*** Exercise input ***

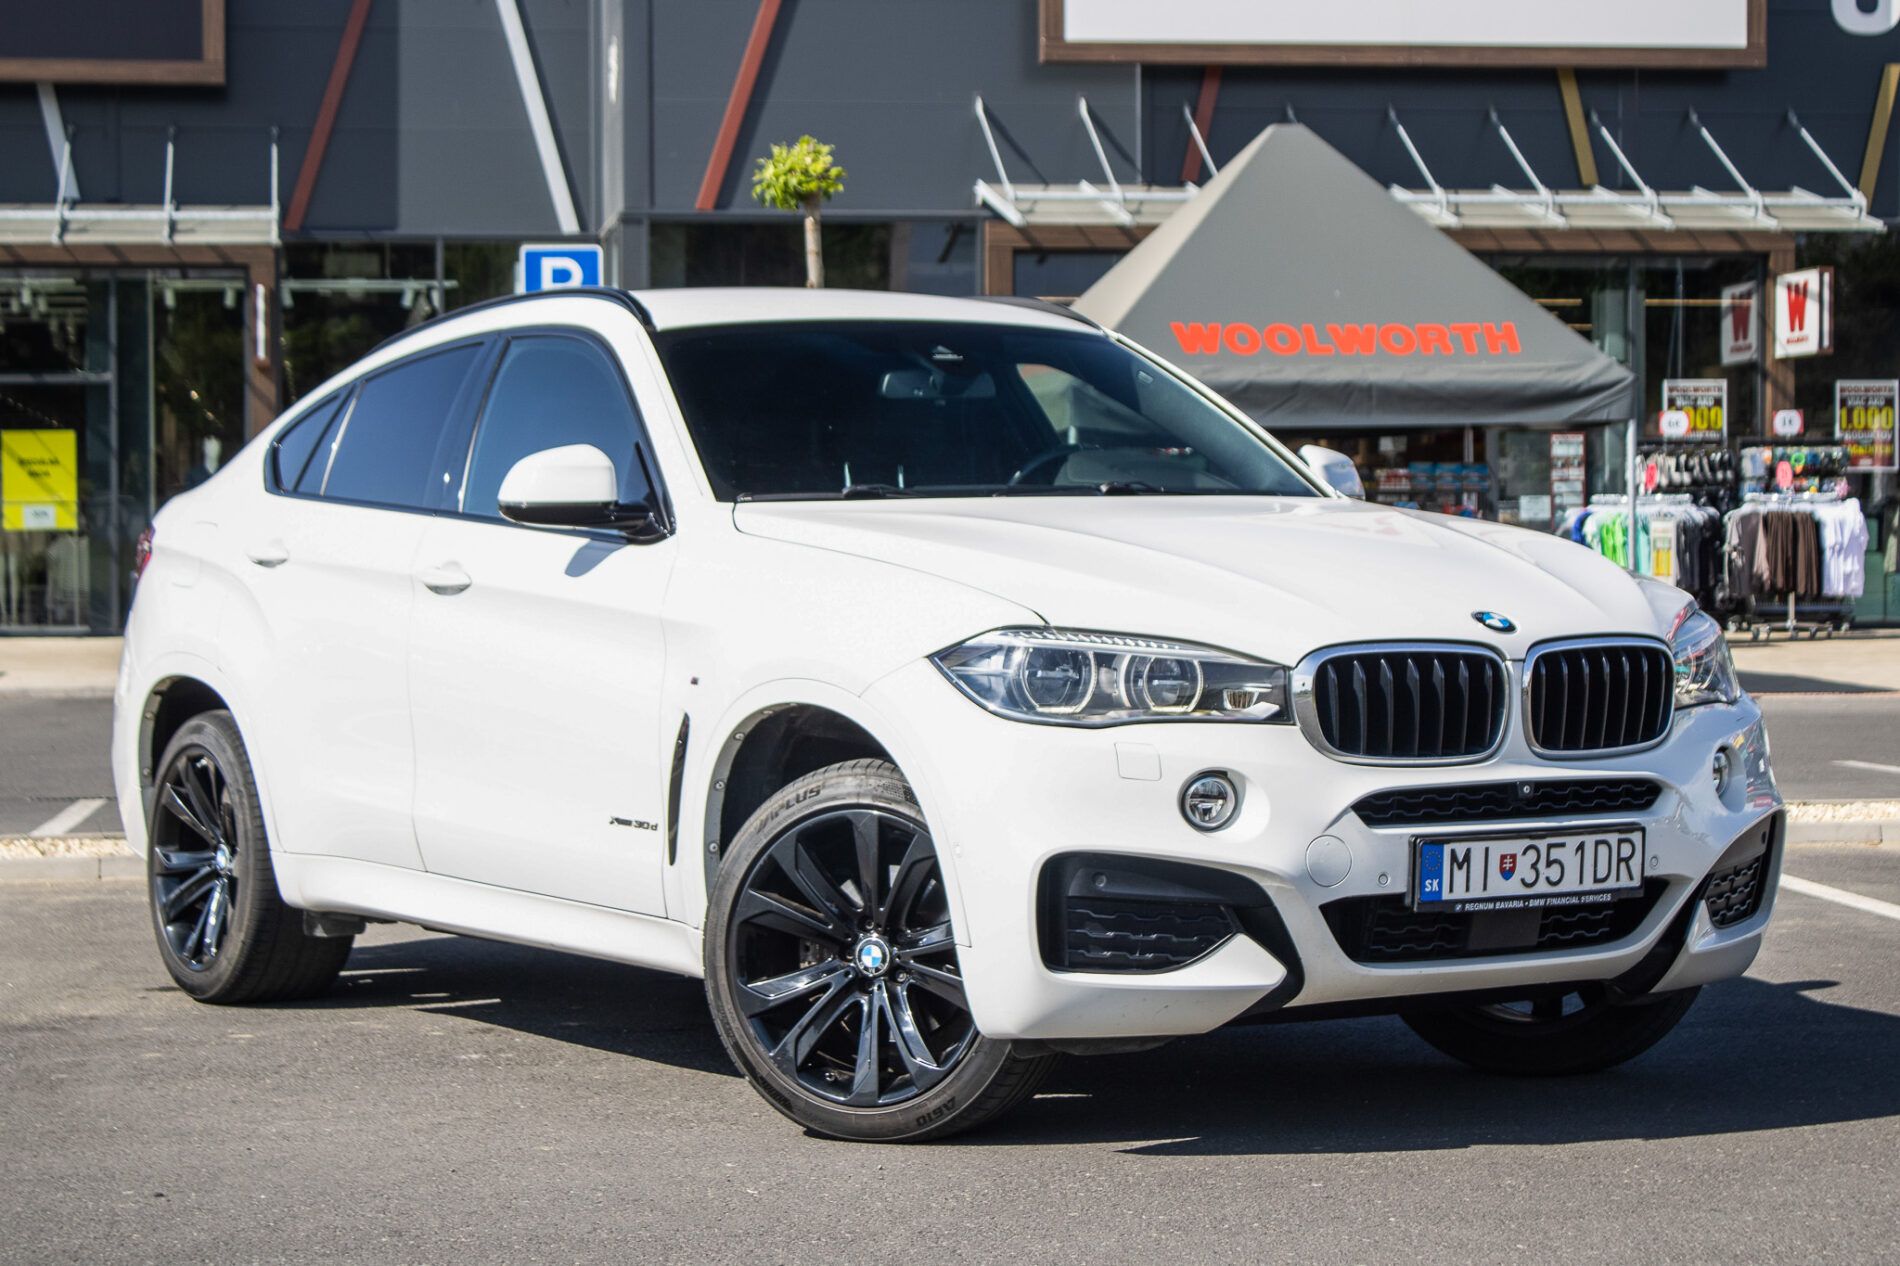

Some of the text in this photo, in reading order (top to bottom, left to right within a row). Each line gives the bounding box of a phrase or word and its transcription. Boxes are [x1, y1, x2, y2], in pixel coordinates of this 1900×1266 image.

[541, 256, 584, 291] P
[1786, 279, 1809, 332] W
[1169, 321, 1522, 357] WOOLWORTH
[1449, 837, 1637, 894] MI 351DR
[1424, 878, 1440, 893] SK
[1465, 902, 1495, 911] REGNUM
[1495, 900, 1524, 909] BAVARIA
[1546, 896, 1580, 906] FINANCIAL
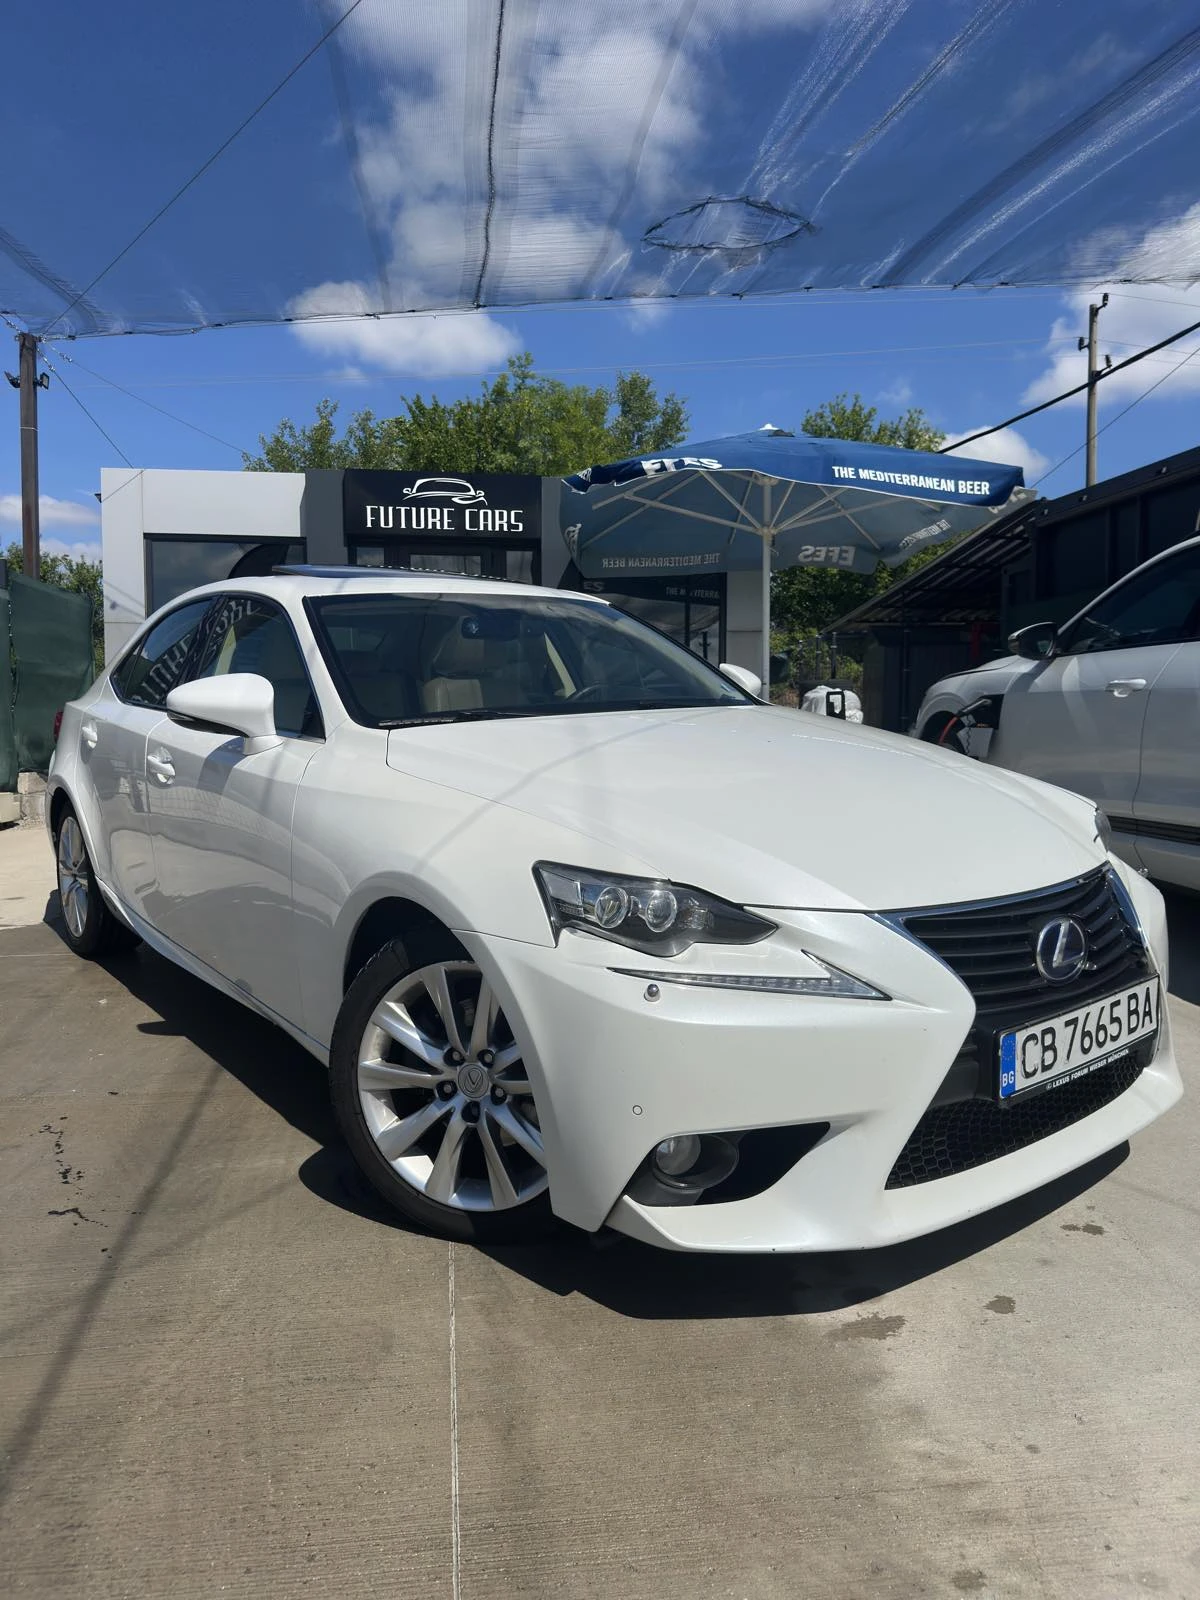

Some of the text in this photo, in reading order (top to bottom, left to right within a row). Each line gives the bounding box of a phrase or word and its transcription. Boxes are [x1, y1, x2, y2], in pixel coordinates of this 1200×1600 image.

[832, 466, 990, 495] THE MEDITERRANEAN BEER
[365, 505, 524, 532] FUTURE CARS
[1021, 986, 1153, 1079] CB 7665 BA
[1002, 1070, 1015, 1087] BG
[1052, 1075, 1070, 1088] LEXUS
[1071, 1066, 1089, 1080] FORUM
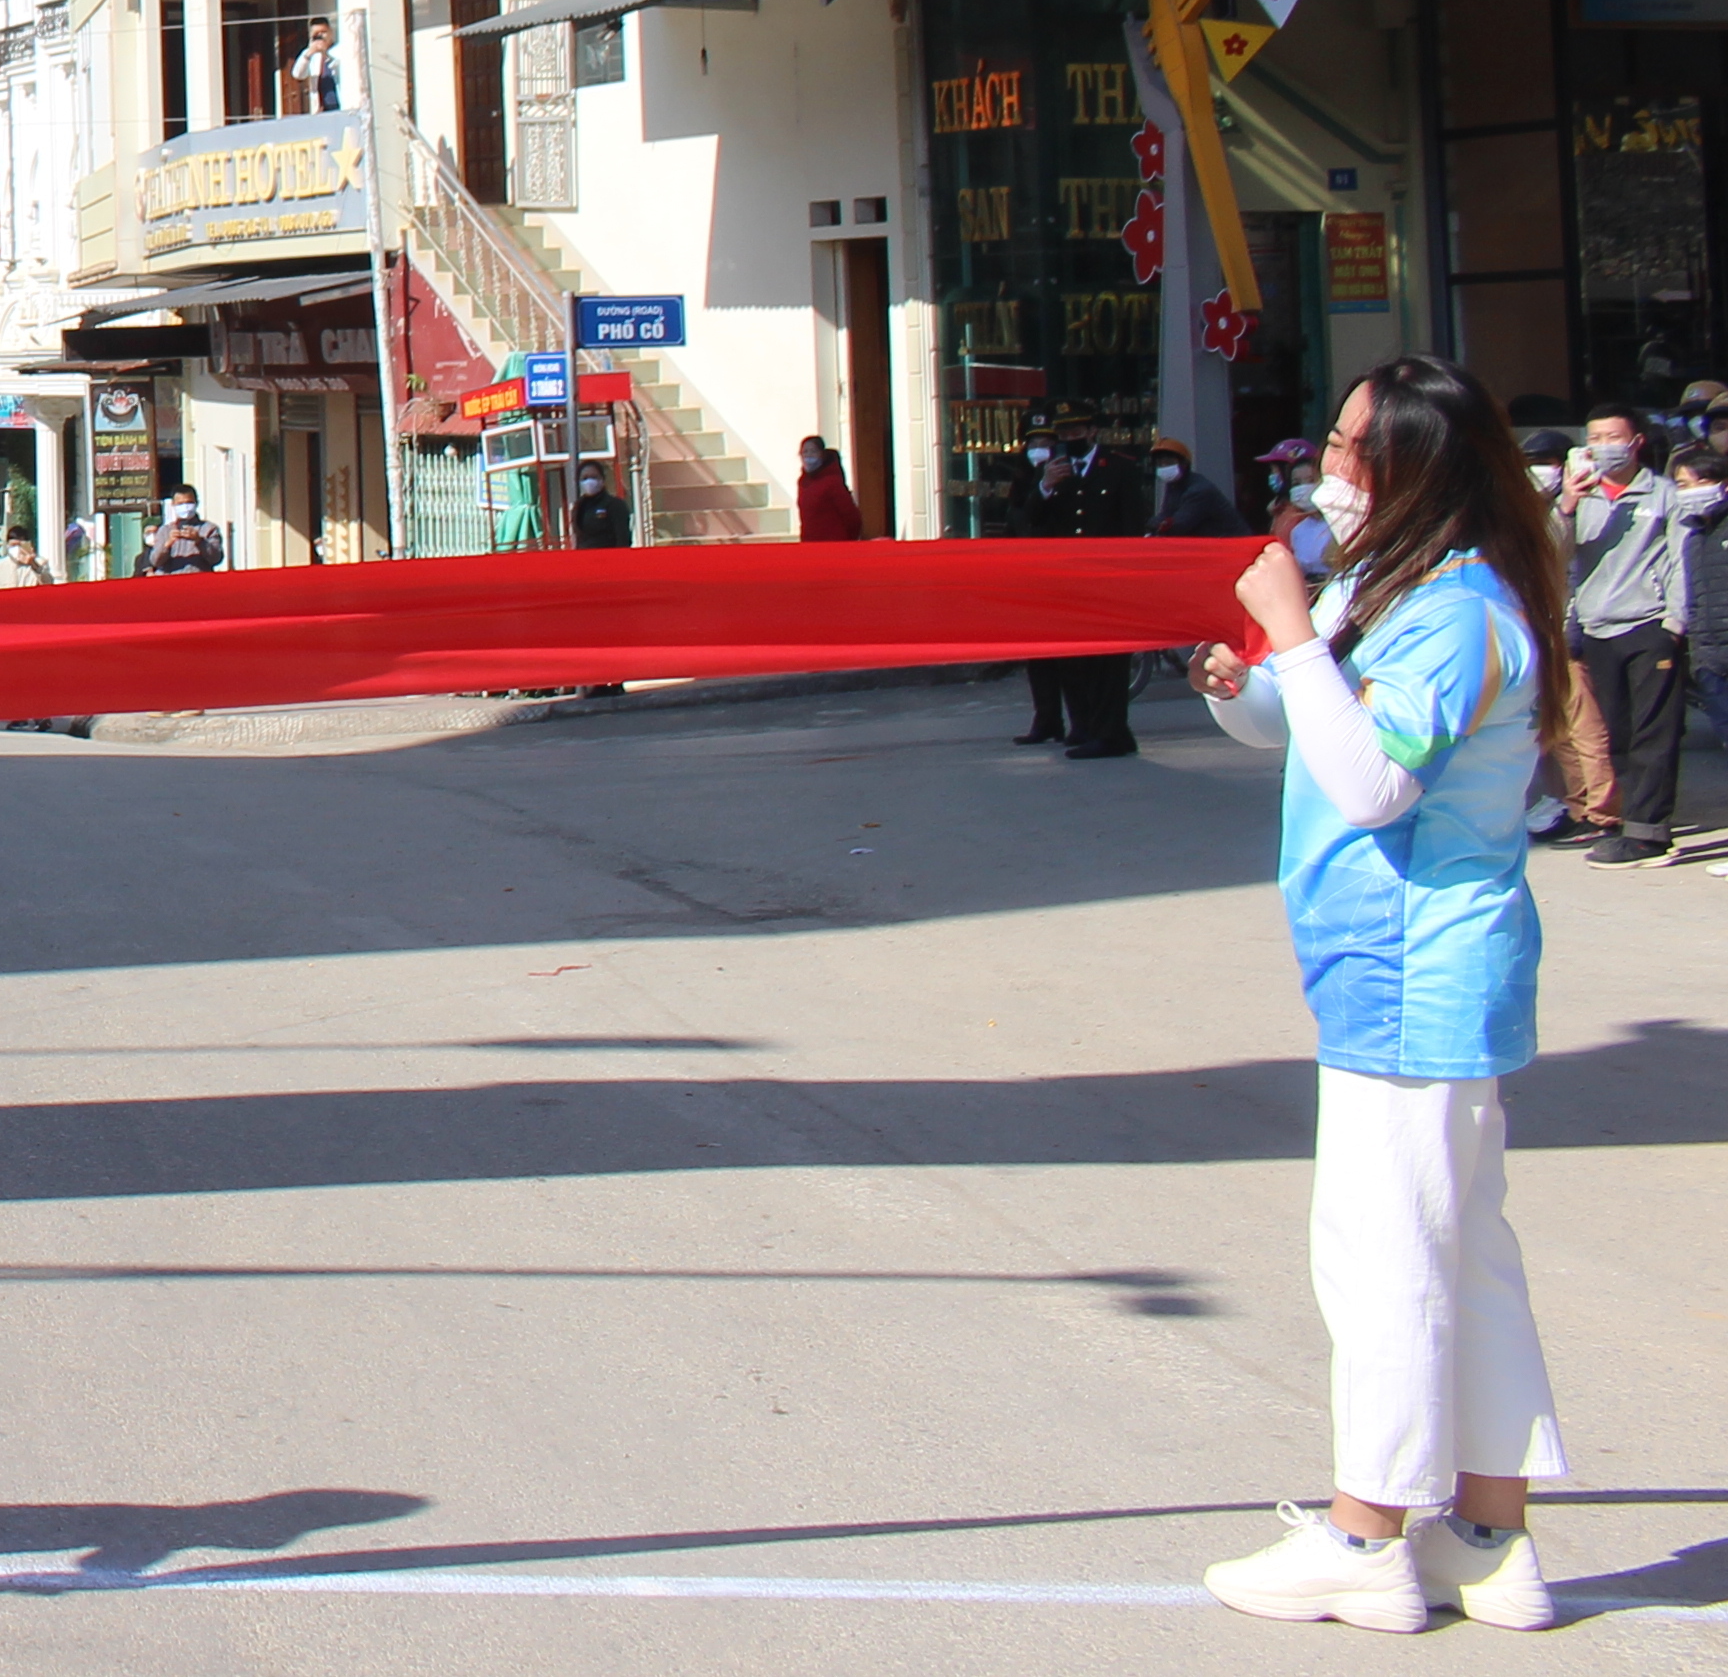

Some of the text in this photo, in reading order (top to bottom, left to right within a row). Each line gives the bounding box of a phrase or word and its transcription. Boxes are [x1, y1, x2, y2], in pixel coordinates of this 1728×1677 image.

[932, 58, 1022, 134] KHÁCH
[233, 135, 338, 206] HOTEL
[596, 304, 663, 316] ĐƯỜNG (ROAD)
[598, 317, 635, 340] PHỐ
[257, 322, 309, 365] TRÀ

*** End of Exercise input ***

• [Aim of the task]
Please restate word for word only the lines running from the line that contains "this 1728×1677 image." to the final line of the listing above.

• [Result for this task]
Some of the text in this photo, in reading order (top to bottom, left to right within a row). Each line gives the bounding box of a phrase or word and its transcription. Boxes are [x1, y1, x2, y2], in pixel coordinates of this 1728×1677 image.

[932, 58, 1022, 134] KHÁCH
[233, 135, 338, 206] HOTEL
[596, 304, 663, 316] ĐƯỜNG (ROAD)
[598, 317, 635, 340] PHỐ
[257, 322, 309, 365] TRÀ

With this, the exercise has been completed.